By now, you may have heard about the passage of HB 523, which allows for the use of medical marijuana. The bill incorporated numerous employer-protective provisions to assure employers their drug-free workplace programs, rights under unemployment and workers’ compensation laws, and rights to hire and fire employees are unaffected by the legalization of medical marijuana.

Absent these protections, employers worried medical marijuana users could be exempted from drug testing policies, entitled to workers’ compensation if injured while under the influence of marijuana, or eligible for unemployment compensation even if their use was in violation of the employer’s anti-drug workplace policies. Employers also worried medical marijuana user employees could sue if they were terminated for use of a “legal” drug, or if the employer failed to “accommodate” their use of such a drug on the job.

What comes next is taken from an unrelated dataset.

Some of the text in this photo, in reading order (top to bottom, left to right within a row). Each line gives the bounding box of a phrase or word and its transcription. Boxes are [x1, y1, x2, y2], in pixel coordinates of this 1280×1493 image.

These worries were addressed in the bill, which provides that:

  • employers may still establish and enforce drug testing and drug-free workplace policies;
  • employers need not permit or accommodate an employee’s possession or use of medical marijuana;
  • employees may not sue employers for any adverse employment action due to the employee’s use, possession, or distribution of medical marijuana;
  • employees who use medical marijuana are ineligible for unemployment compensation if such use was in violation of the employer’s workplace policies; and
  • employees who are medical marijuana users are ineligible for workers’ compensation benefits if, at the time of the injury, they were under the influence of marijuana and if being under the influence was the proximate cause of the injury.

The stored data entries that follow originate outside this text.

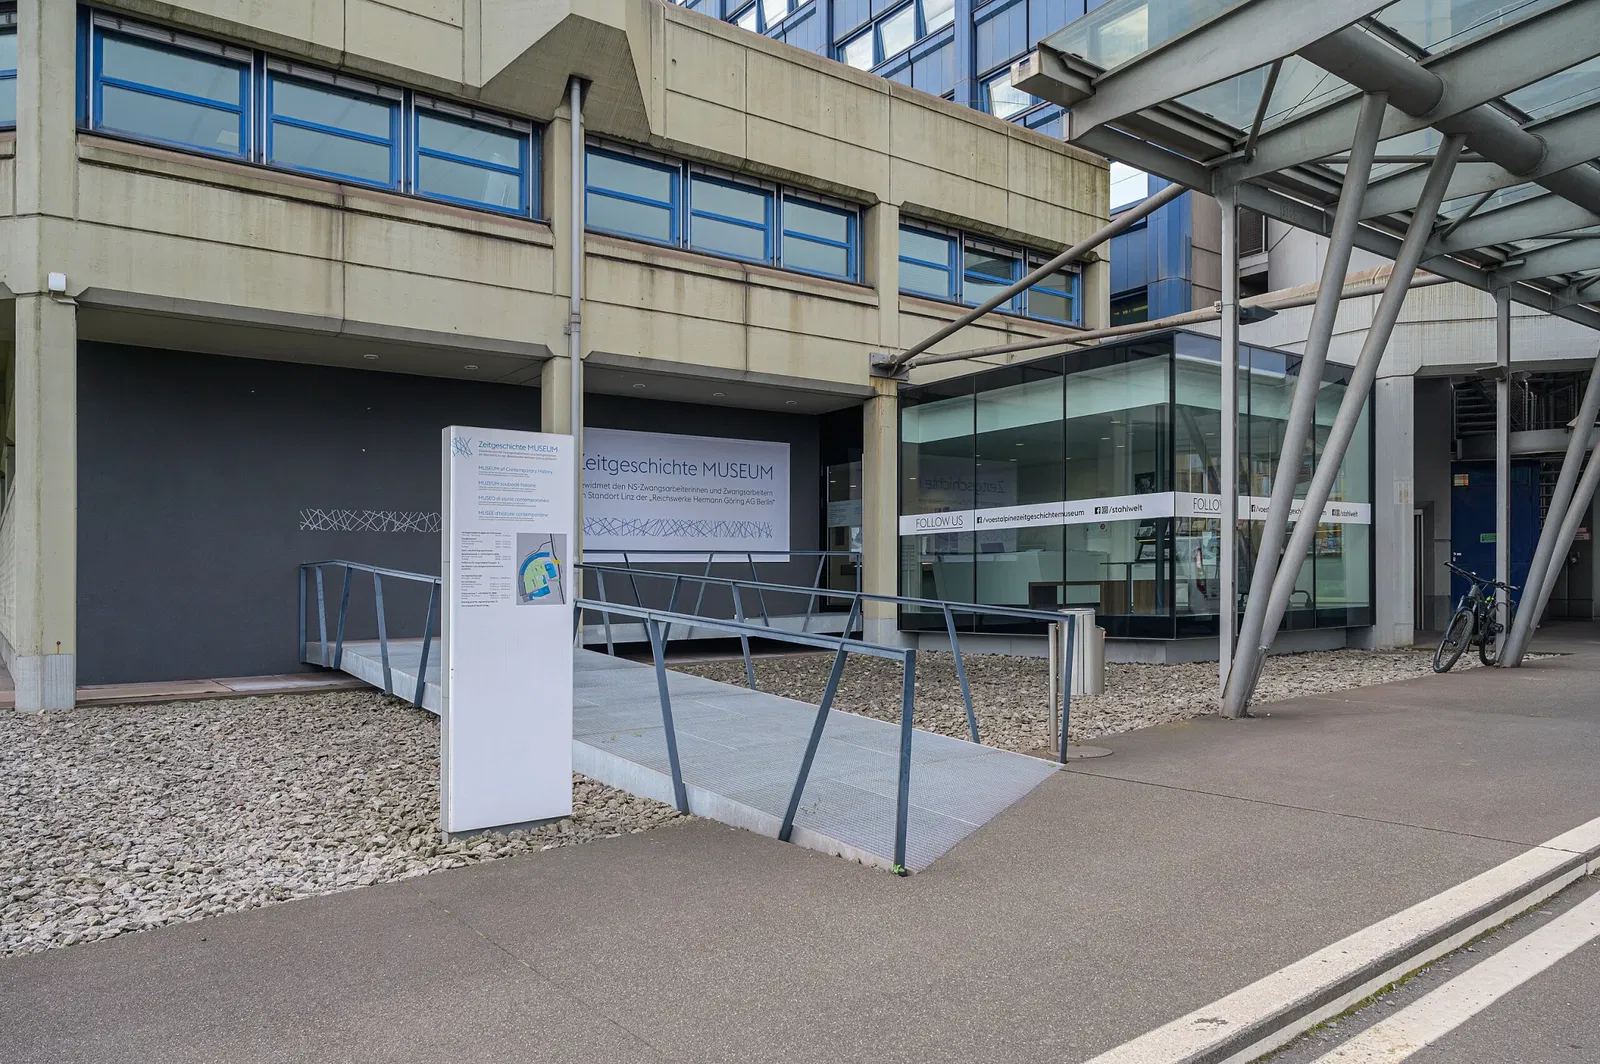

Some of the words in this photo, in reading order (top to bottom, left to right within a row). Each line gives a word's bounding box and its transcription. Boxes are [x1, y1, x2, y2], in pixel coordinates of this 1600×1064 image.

[478, 441, 527, 451] Zeitgeschichte
[527, 444, 558, 453] MUSEUM
[702, 461, 773, 480] MUSEUM
[612, 482, 626, 491] den
[627, 483, 709, 494] NS-Zwangsarbeiterinnen
[723, 487, 773, 496] Zwangsarbeitern
[588, 491, 619, 500] Standort
[621, 493, 634, 501] Linz
[636, 493, 648, 501] der
[692, 496, 723, 504] Hermann
[723, 496, 744, 506] Göring
[745, 498, 755, 506] AG
[1193, 498, 1221, 511] FOLLO
[1109, 504, 1143, 514] /stahlwelt
[915, 516, 951, 528] FOLLOW
[951, 515, 964, 526] US

Effective September, 2018, marijuana growers and processors licensed by the Department of Commerce will be able to sell medical marijuana products to retail dispensaries licensed by the Pharmacy Board on the recommendation of doctors certificated by the Medical Board to recommend medical marijuana.

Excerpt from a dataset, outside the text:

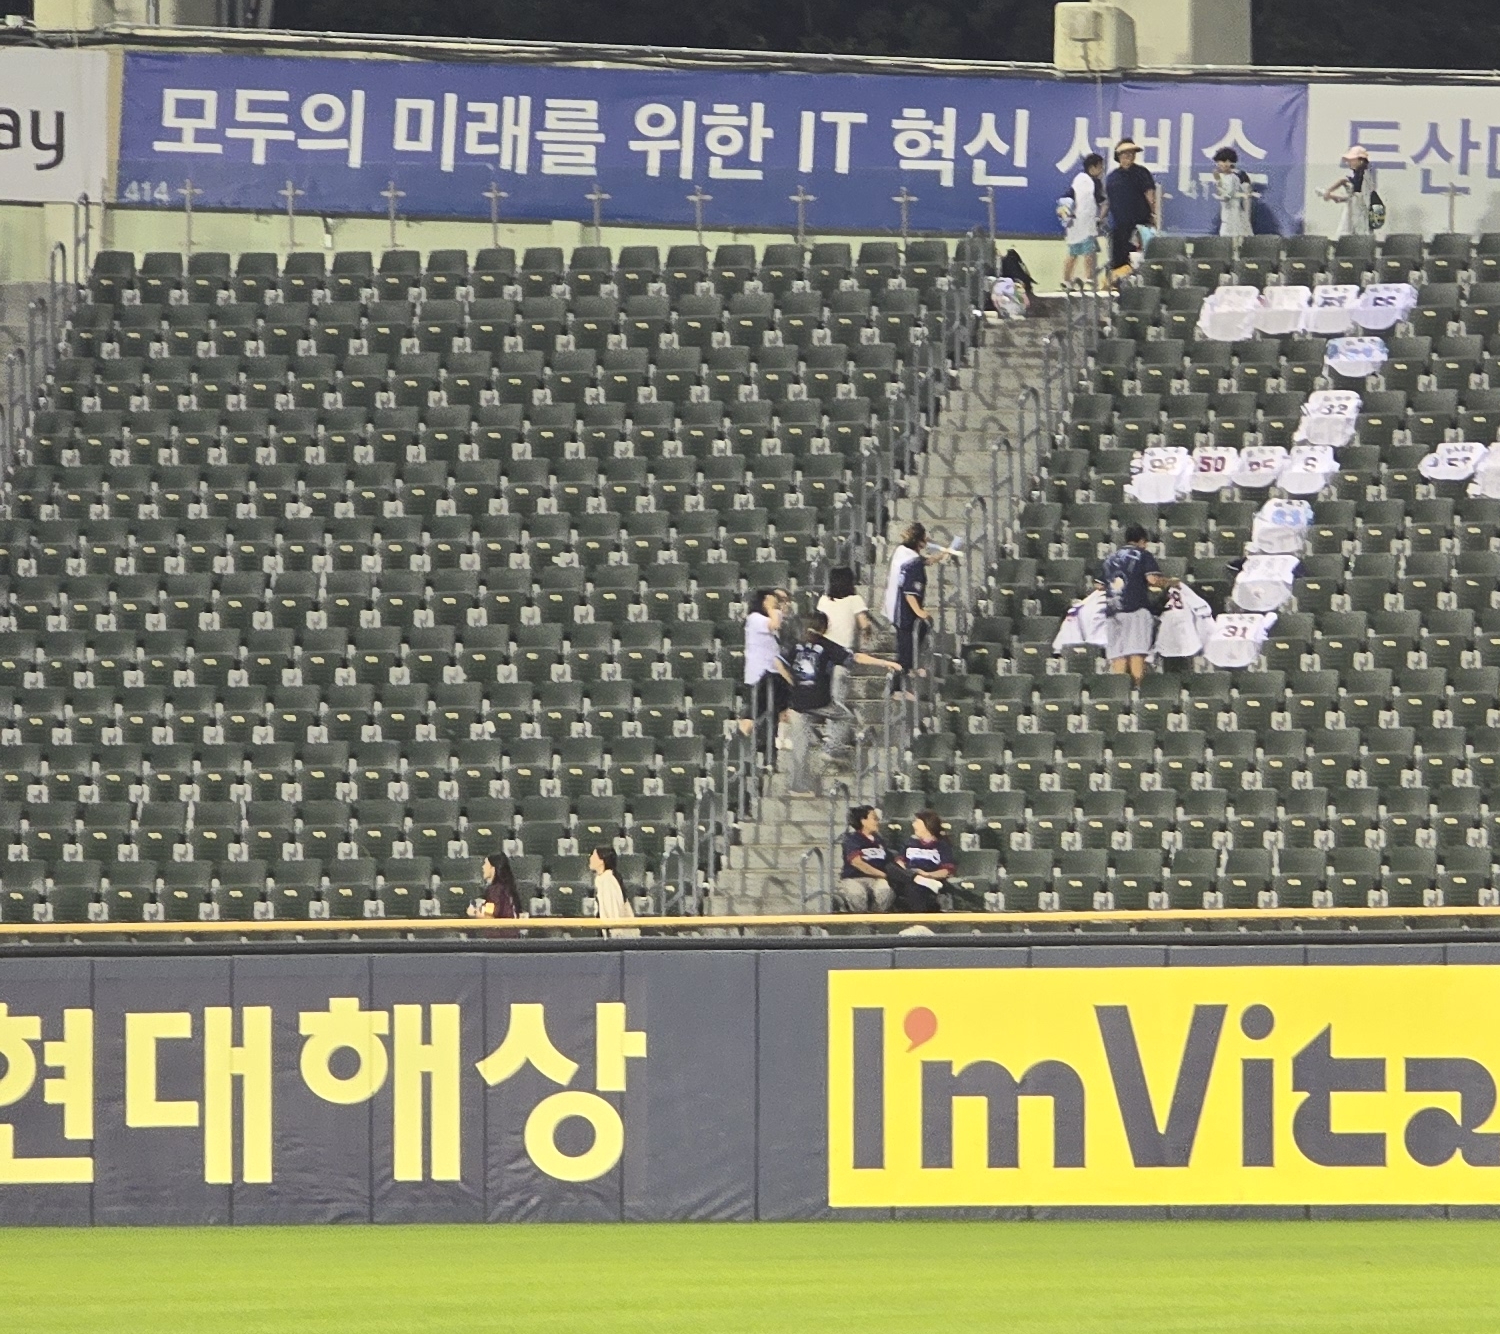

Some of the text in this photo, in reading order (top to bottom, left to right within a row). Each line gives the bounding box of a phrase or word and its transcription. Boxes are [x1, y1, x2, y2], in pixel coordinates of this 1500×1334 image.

[152, 88, 1269, 193] 모두의 미래를 위한 IT 혁신 서비스
[123, 180, 171, 203] 414
[1199, 455, 1227, 473] 50
[0, 996, 647, 1185] 현대해상

Significantly, the HB 523 only allows marijuana to be dispensed via oils, patches, pills, or vaporization; smoking marijuana is expressly prohibited. Also significant is that medical marijuana may be only be recommended for treatment of approximately 20 defined medical conditions, included among which are cancer, epilepsy, Alzheimer’s, glaucoma, Krohn’s disease, PTSD, MS, AIDS, hepatitis C, Parkinson’s, sickle cell anemia, or chronic and severe or intractable pain. Registered patients and caregivers are immune from prosecution for the use or possession of medical marijuana.

Ohio’s medical marijuana legislation carefully balanced the need to be compassionate towards patients for whom marijuana may provide palliative relief against the need to assure Ohio employers that the new law would not open new reasons for employees to sue or claim benefits by reason of their use of a now-legal substance that remains totally illegal under federal law.